В условиях мелкодушного разброда и оскудения, подобного нашему теперешнему, когда нравы, помыслы и устремления мельчают, и сформировался немецкий романтизм с характерным для него воинствующим идеализмом, который был противопоставлен собственнической, узкопрактической, меркантильной философии заурядного бюргера. Вереницей шаржированных кукол проходят эти бюргеры в произведениях Гофмана: педантствующие ученые мужи, занимающиеся наукообразной болтовней, чиновники, вершители бумажных дел, чванливые князьки, дилетанты всех мастей, в особенности от искусства, олицетворением которых стал кот Мурр.

Пора Шиллера в известном смысле закончилась. Все больше теперь культивировалась немецкая народная песня, издревле отличающаяся фантастичностью образов и вместе с тем грубоватым сатирическим духом. История Петера Шлемиля, потерявшего свою тень, история, в которой переплетаются эти два плана и где благодаря этому нагнетаются горько-комические ситуации, - прямое тому доказательство. Эта двуплановость характерна и для Гофмана, и для Гейне, стихотворения которого и заземлены, и возвышенны одновременно, и для Новалиса. А изображать два плана, Бога и дьявола, добро и зло – это уже значит изображать жизнь как она есть, не упрощая ее. Изображать противоречие, кроме того, значило носить его в душе. Не случайно некоторые немецкоязычные писатели тех лет, обостряя этот внутренний конфликт, довели его до крайних пределов, до душевной болезни, но так и не смогли найти точку опоры: Г. Клейст, К.Ф. Мейер, Ф. Гёльдерлин. Вина за трагические судьбы многих немецких писателей лежит на самодовольном филистерстве, о котором с такой злостью писал Гейне и которое бичевал Гофман.

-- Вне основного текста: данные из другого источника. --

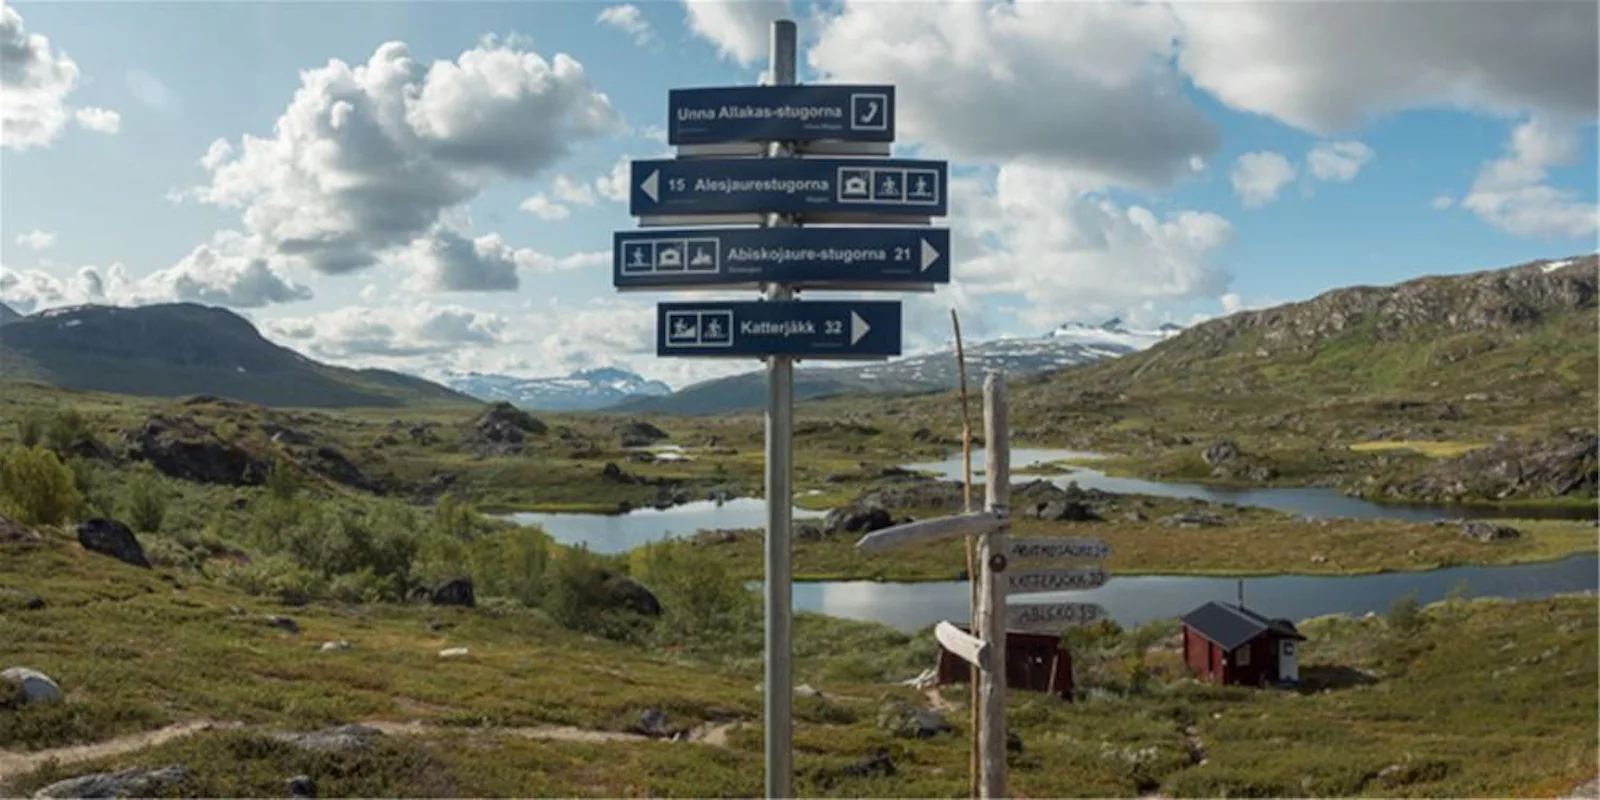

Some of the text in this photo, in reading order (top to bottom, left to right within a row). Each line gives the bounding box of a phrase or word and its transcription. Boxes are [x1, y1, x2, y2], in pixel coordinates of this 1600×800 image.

[677, 104, 843, 121] Unna Allakas-stugorna
[668, 177, 829, 194] 15 Alesjaurestugorna
[727, 246, 911, 263] Abiskojaure-stugorna 21
[740, 319, 844, 338] Katterjåkk 32
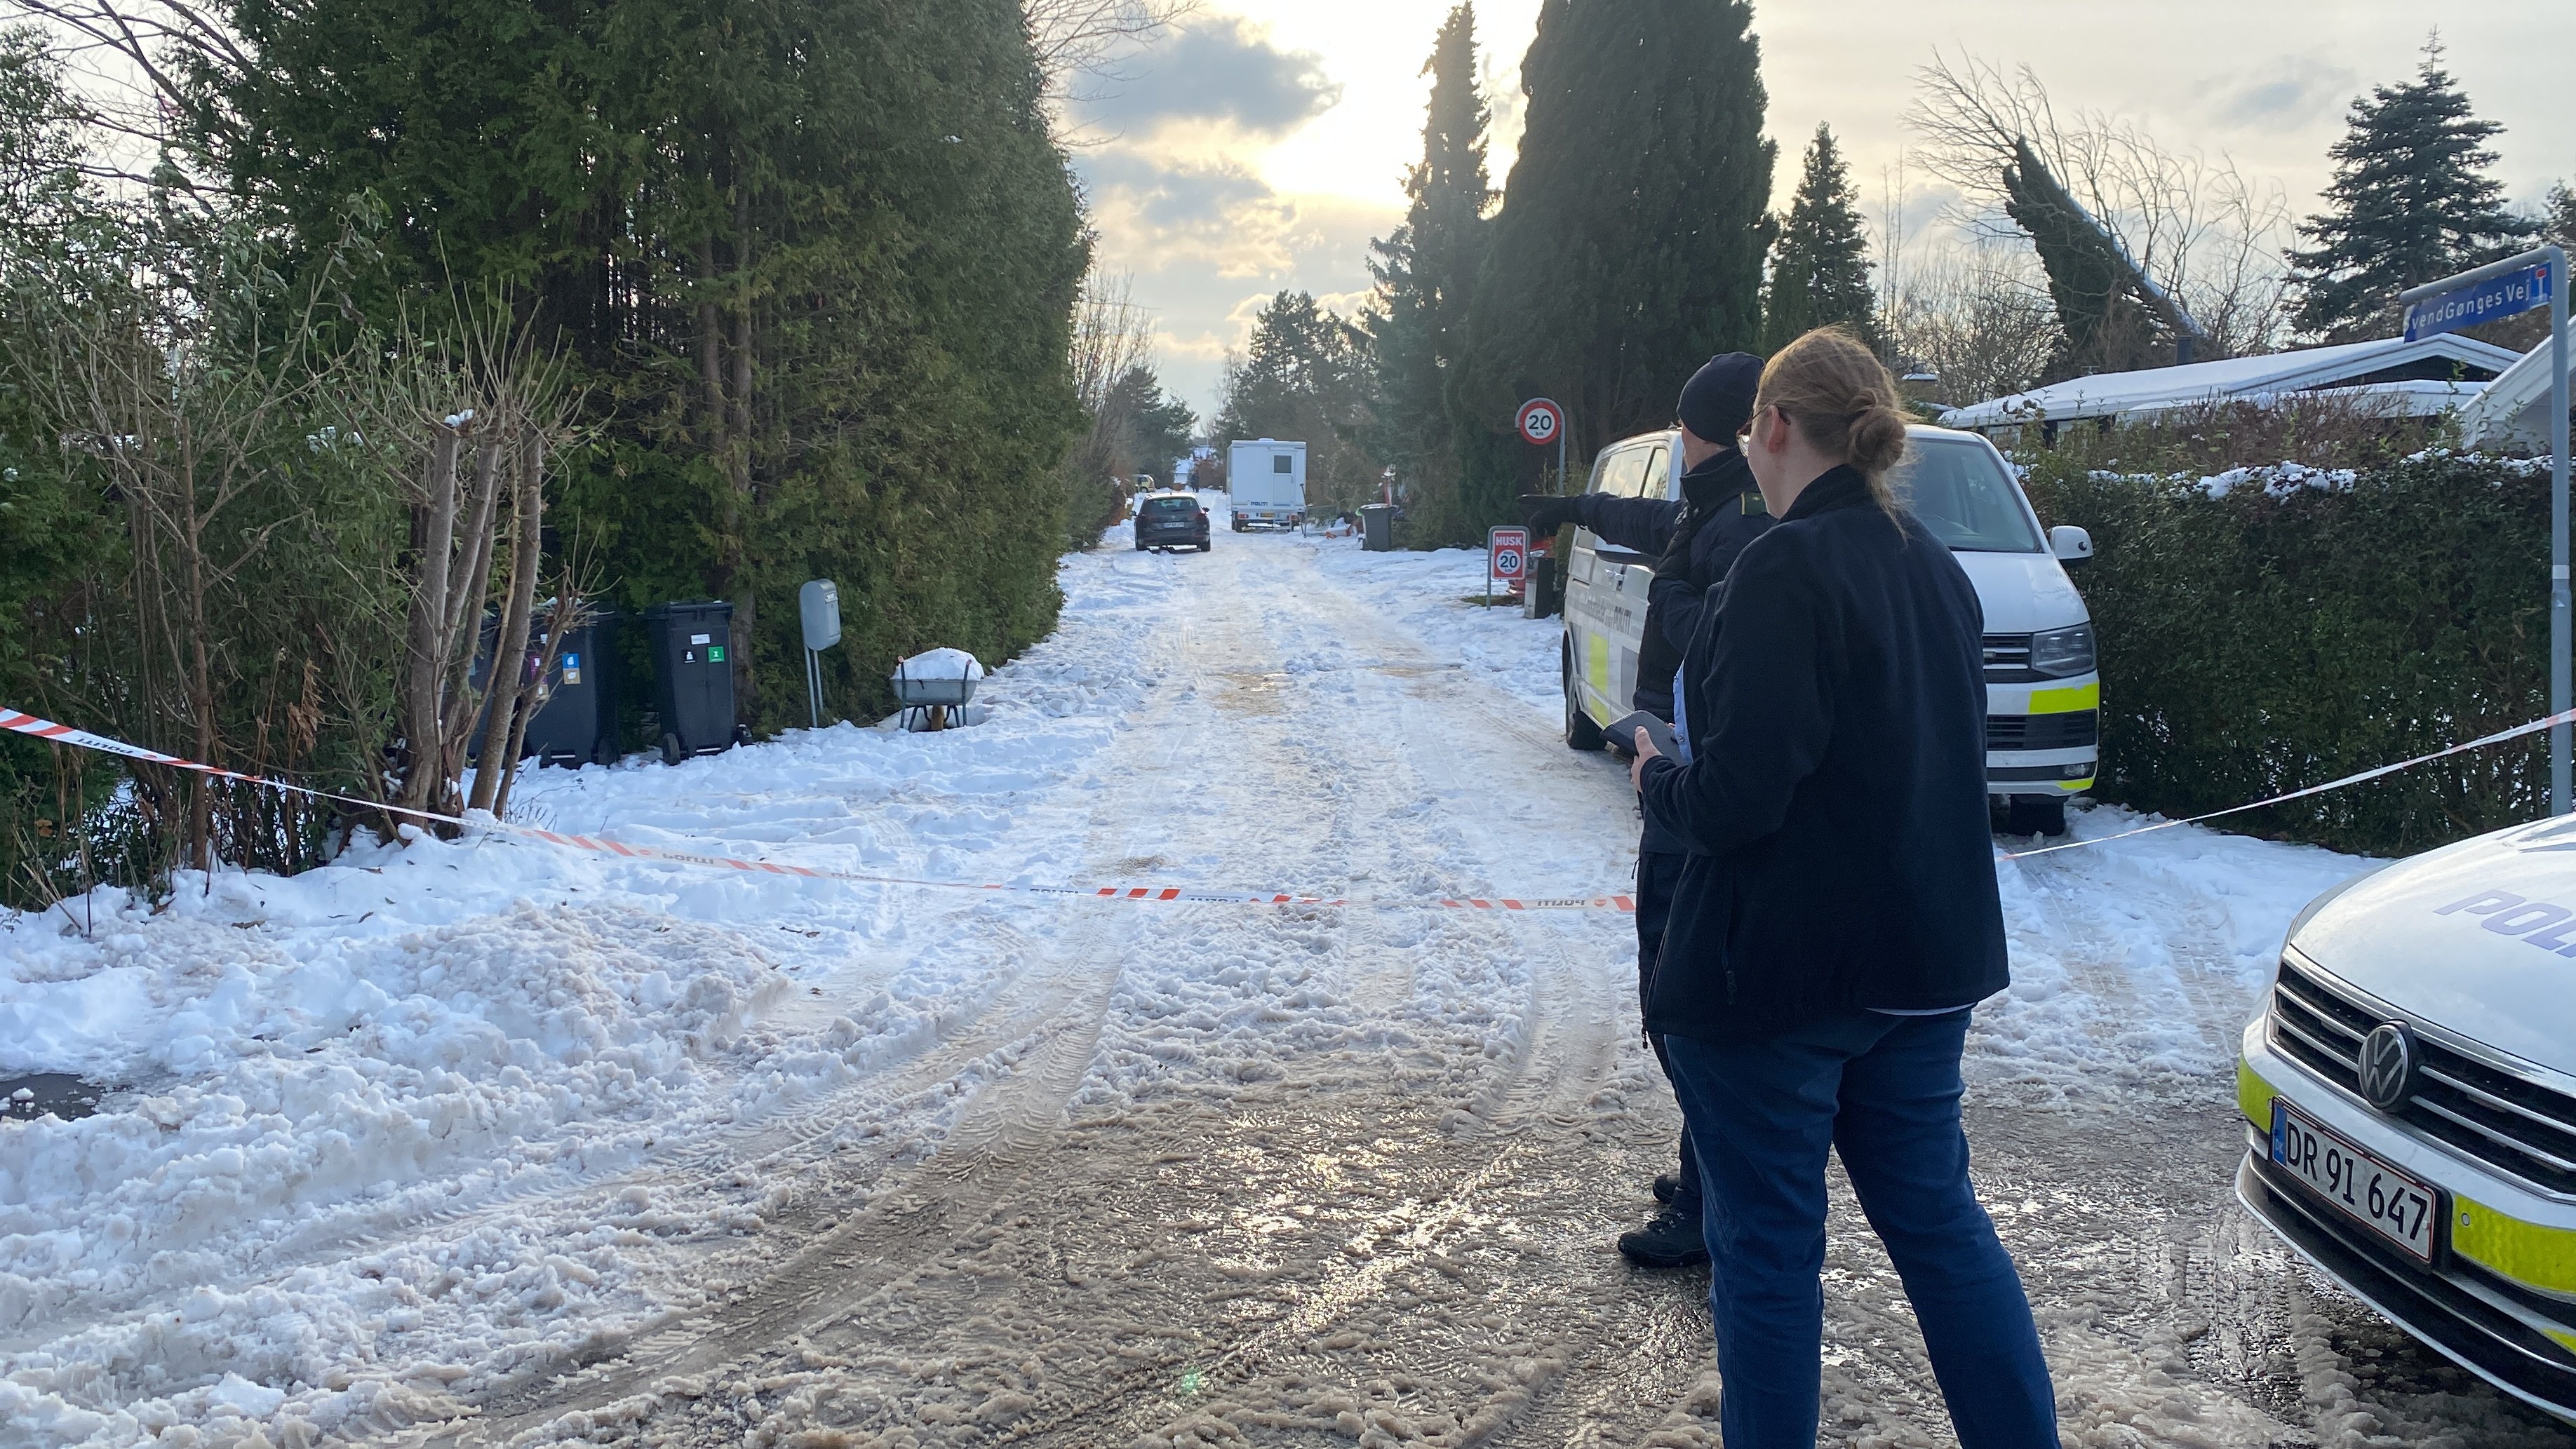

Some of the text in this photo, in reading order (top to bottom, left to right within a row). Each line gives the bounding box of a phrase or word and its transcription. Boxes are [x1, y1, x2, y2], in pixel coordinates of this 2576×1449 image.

Гофмановские энтузиасты, встречая упорное сопротивление косной толпы, глухой к искусству, повергаясь в отчаяние, тем не менее находят сочувственную поддержку добрых сказочных сил – именно потому, что они, энтузиасты, ратуют не за схоластику, не за метафизику, а за природную сообразность. Феи, колдуны, алхимики, маги – порождения животворящей природы, в то время как разнообразные буквоеды стремятся разложить ее по полочкам. Романтики, отбрыкиваясь, если можно так выразиться, от рационализма ХУ111 века, впервые и дерзко заявляют, что познать природу полностью, равно как и душу, нельзя, это тщетные потуги. И ссылаются при этом на духовидца Сведенборга, на кельтский и древнегерманский эпос. Объяснение природных явлений без вмешательства троллей, эльфов, магических и неопознанных сил перестает их устраивать. И даже обижает. Профессор Мош Терпин, который подвергает ревизии и цензуре солнечные и лунные затмения, нелеп. Многие романтики недолюбливали завершенное знание, за что и получили от советского литературоведения ярлык реакционных.